Variability in the type of lesions produced was observed despite using the same ultrasound insonation parameters for all samples. Although this variation was useful in the analysis, uncontrolled variables were revealed. These uncontrolled variables may include variations in tissue structure, variations in tissue composition due to degradation over the 4 h post mortem period, preexisting gas nuclei, and variations in tissue temperature just prior to insonation. Variations in tissue structure and composition are likely to be uncontrolled variables encountered during clinical application of HIFU thermal ablation. Therefore the variations encountered in this study may have serendipitously provided data that is useful when considering translation to clinical application.

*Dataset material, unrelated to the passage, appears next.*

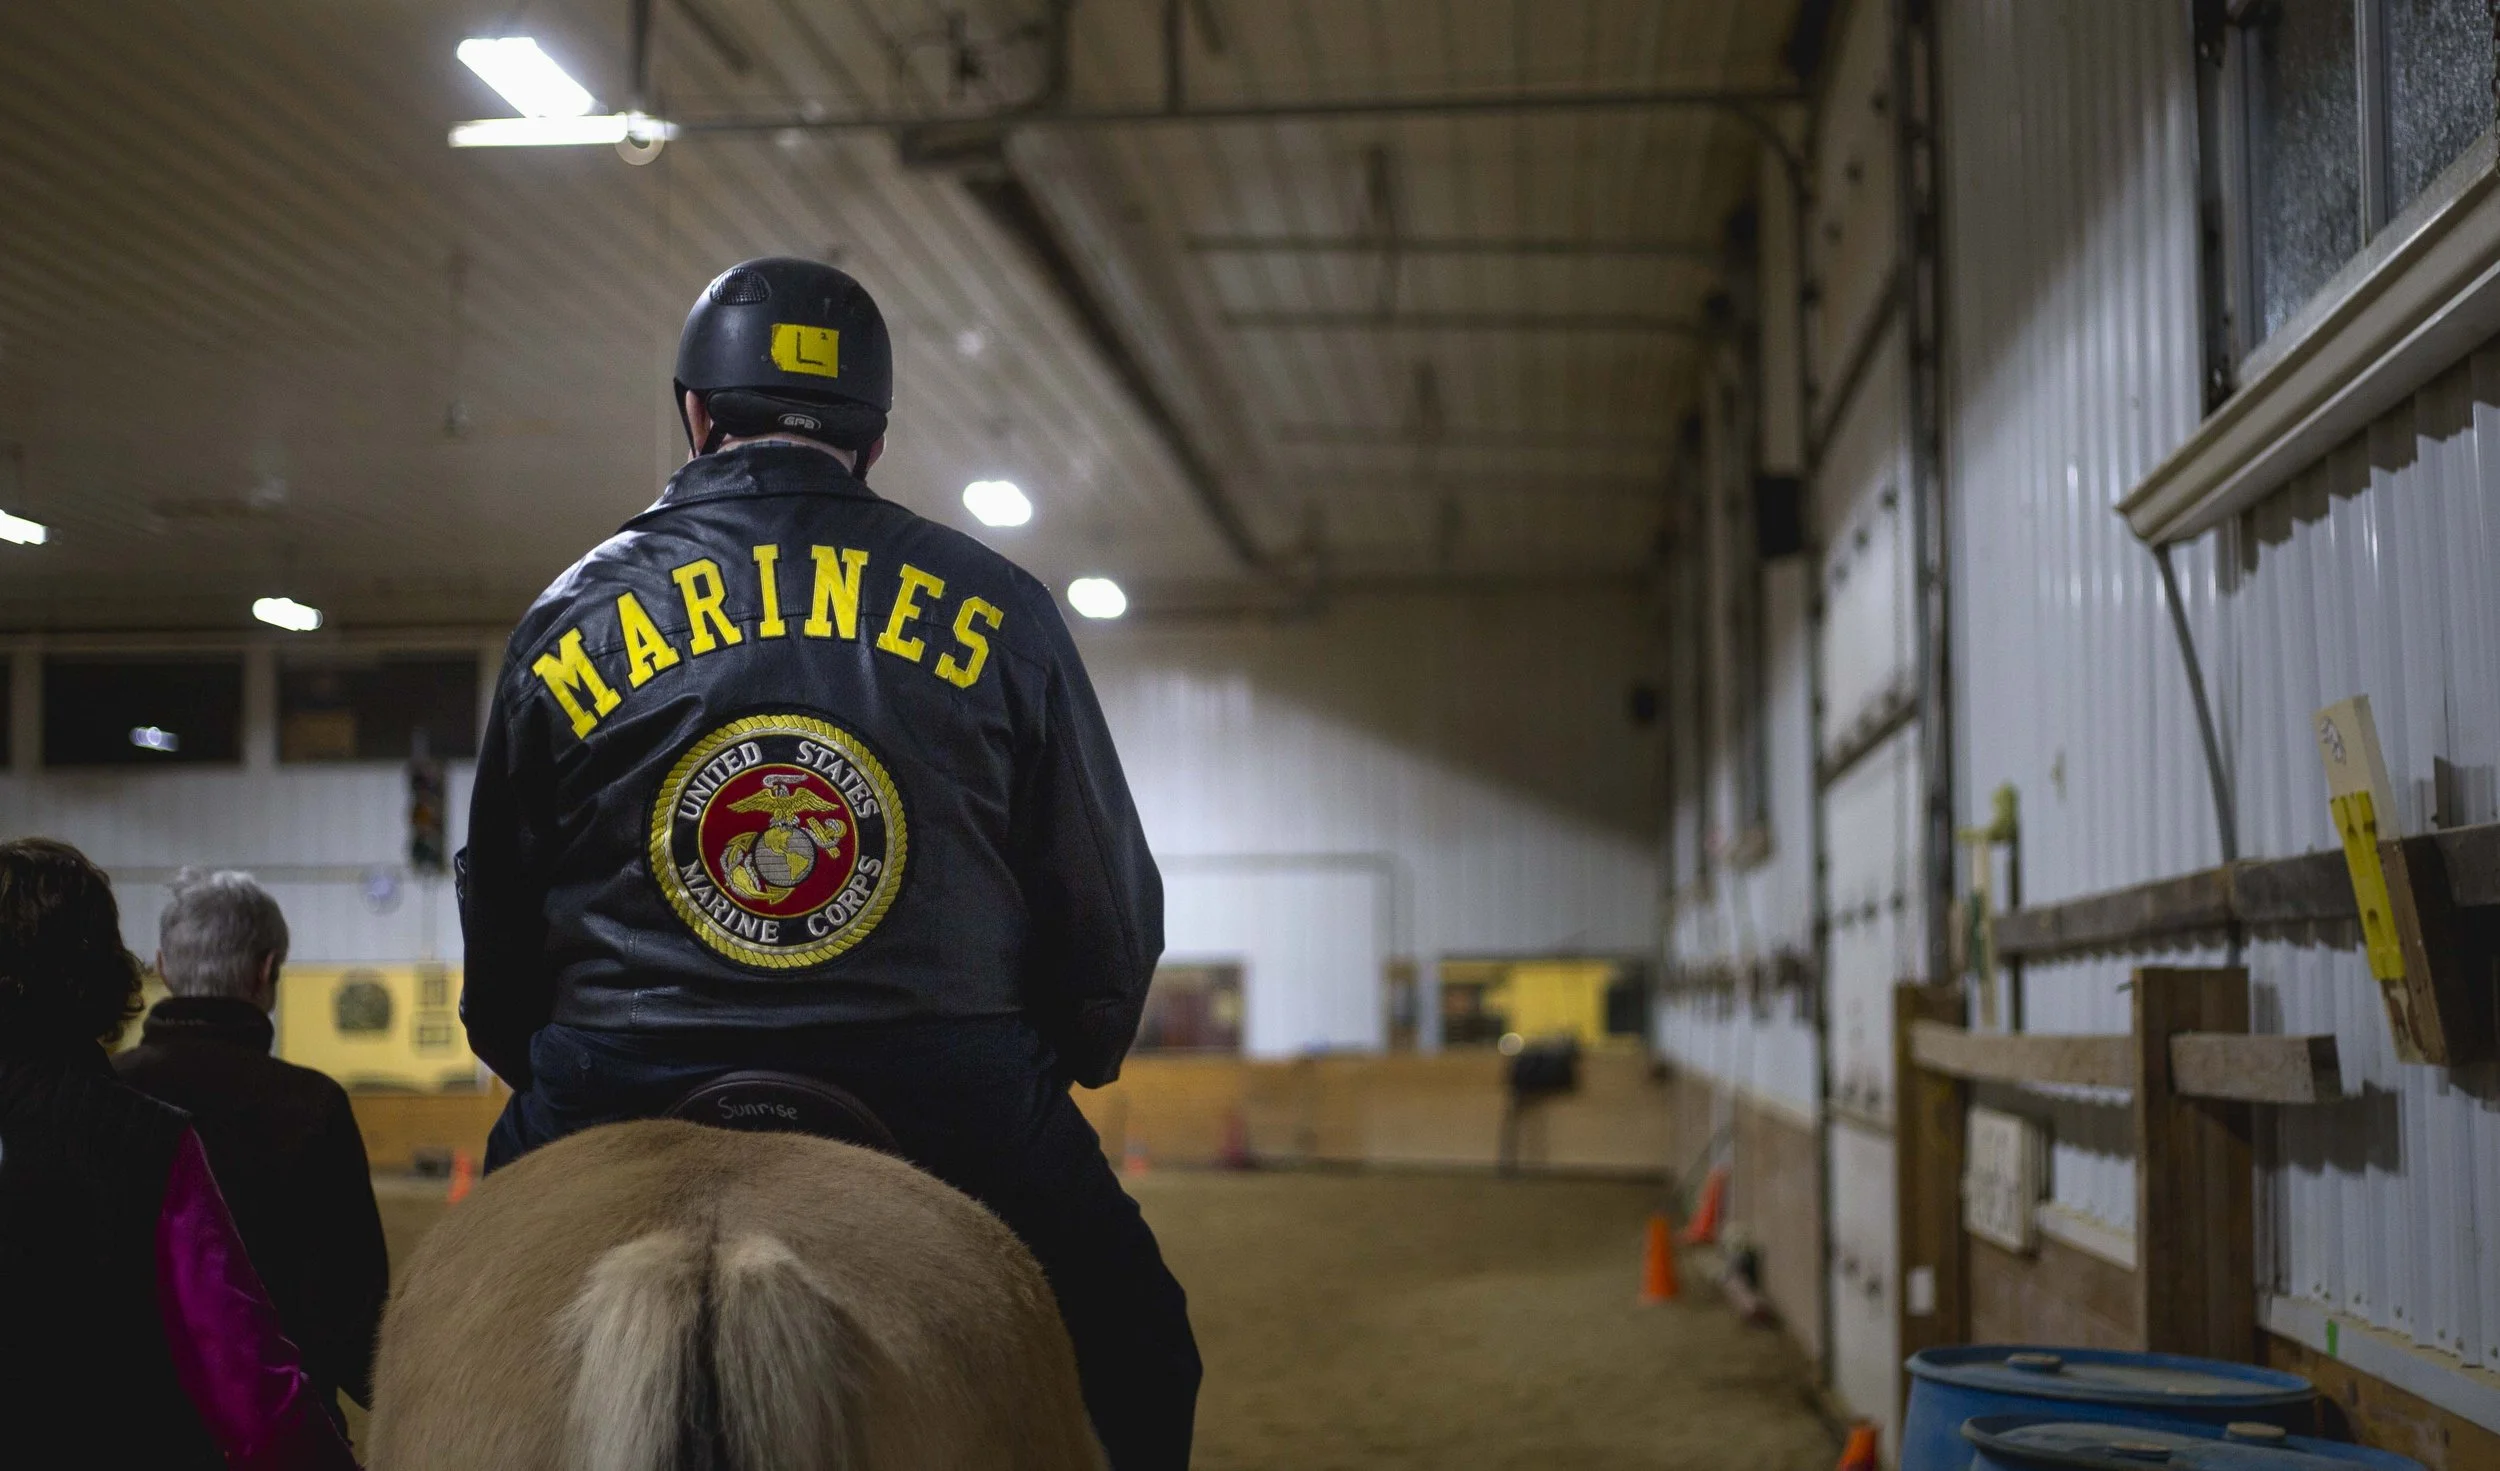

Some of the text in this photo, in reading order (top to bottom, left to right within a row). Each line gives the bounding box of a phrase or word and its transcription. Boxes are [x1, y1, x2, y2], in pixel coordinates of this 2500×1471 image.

[532, 543, 1004, 740] MARINES
[679, 740, 880, 821] UNITED STATES
[679, 855, 882, 943] MARINE CORPS
[717, 1096, 799, 1121] Sunrise

The experimental setup also limited the analysis. The available equipment resulted in an acquisition cycle duration of approximately 2.5 s to 3 s and only 1% to 2% of that time corresponding to receiving data. Thus transient emissions may not have been recorded. Improved temporal resolution may result in increased AUROC values. Additionally, the Iris system acquired each scan line in the passive cavitation image in sequence, rather than beamforming all of the scan lines in a given frame from the same data set (e.g. our methods were analogous to multiple ray line transmit B-mode imaging as opposed to plane wave B-mode imaging (Sandrin et al., 1999)). Therefore within a single passive cavitation image frame, the emissions may have changed. A qualitative review of the data revealed a relatively smooth transition in signal amplitude across azimuthal locations, indicating that sequential scan line acquisition had limited impact. Finally, it should be noted that the broadband imaging array had a center frequency of 7.5 MHz. The frequency sensitivity of the array would have reduced the measured emissions at the fundamental. This relative lack of sensitivity at the fundamental is advantageous in that the analogue to digital conversion could span a dynamic range more sensitive to the lower amplitude harmonic, ultraharmonic, and inharmonic emissions. However, temporal duration of the recorded signals was not designed to optimize recording inharmonic emissions. The bandwidth available to record inharmonic emissions was only 5% of the bandwidth available to record harmonic and ultraharmonic emissions. Inharmonic emissions, when detected, were often only 10 dB above the noise level. Furthermore the broadband array was insensitive to very low frequency emissions that have been associated with boiling or hot vapor events (Mast et al., 2008).
Conclusions
Passive cavitation imaging was implemented during HIFU ablation of ex vivo bovine liver. Centroid and ROC curve analyses were used to test the correspondence between acoustic emission signals and thermal lesion formation. Classification of lesion formation based on harmonic emissions was the most successful. The results support continued investigation of passive cavitation imaging as a technique for monitoring HIFU thermal ablation treatments using binary classifiers to distinguish between coagulated and nominally untreated tissue.
Acknowledgements
Research reported in this publication was supported in part by the National Institute of Biomedical Imaging and Bioengineering of the National Institutes of Health (NIH) under award number R21EB008483, the National Heart, Lung, and Blood Institute of the NIH under award numbers R01HL059586, R01HL074002 and F32HL104916, and the National Cancer Institute of the NIH under award number R01CA158439.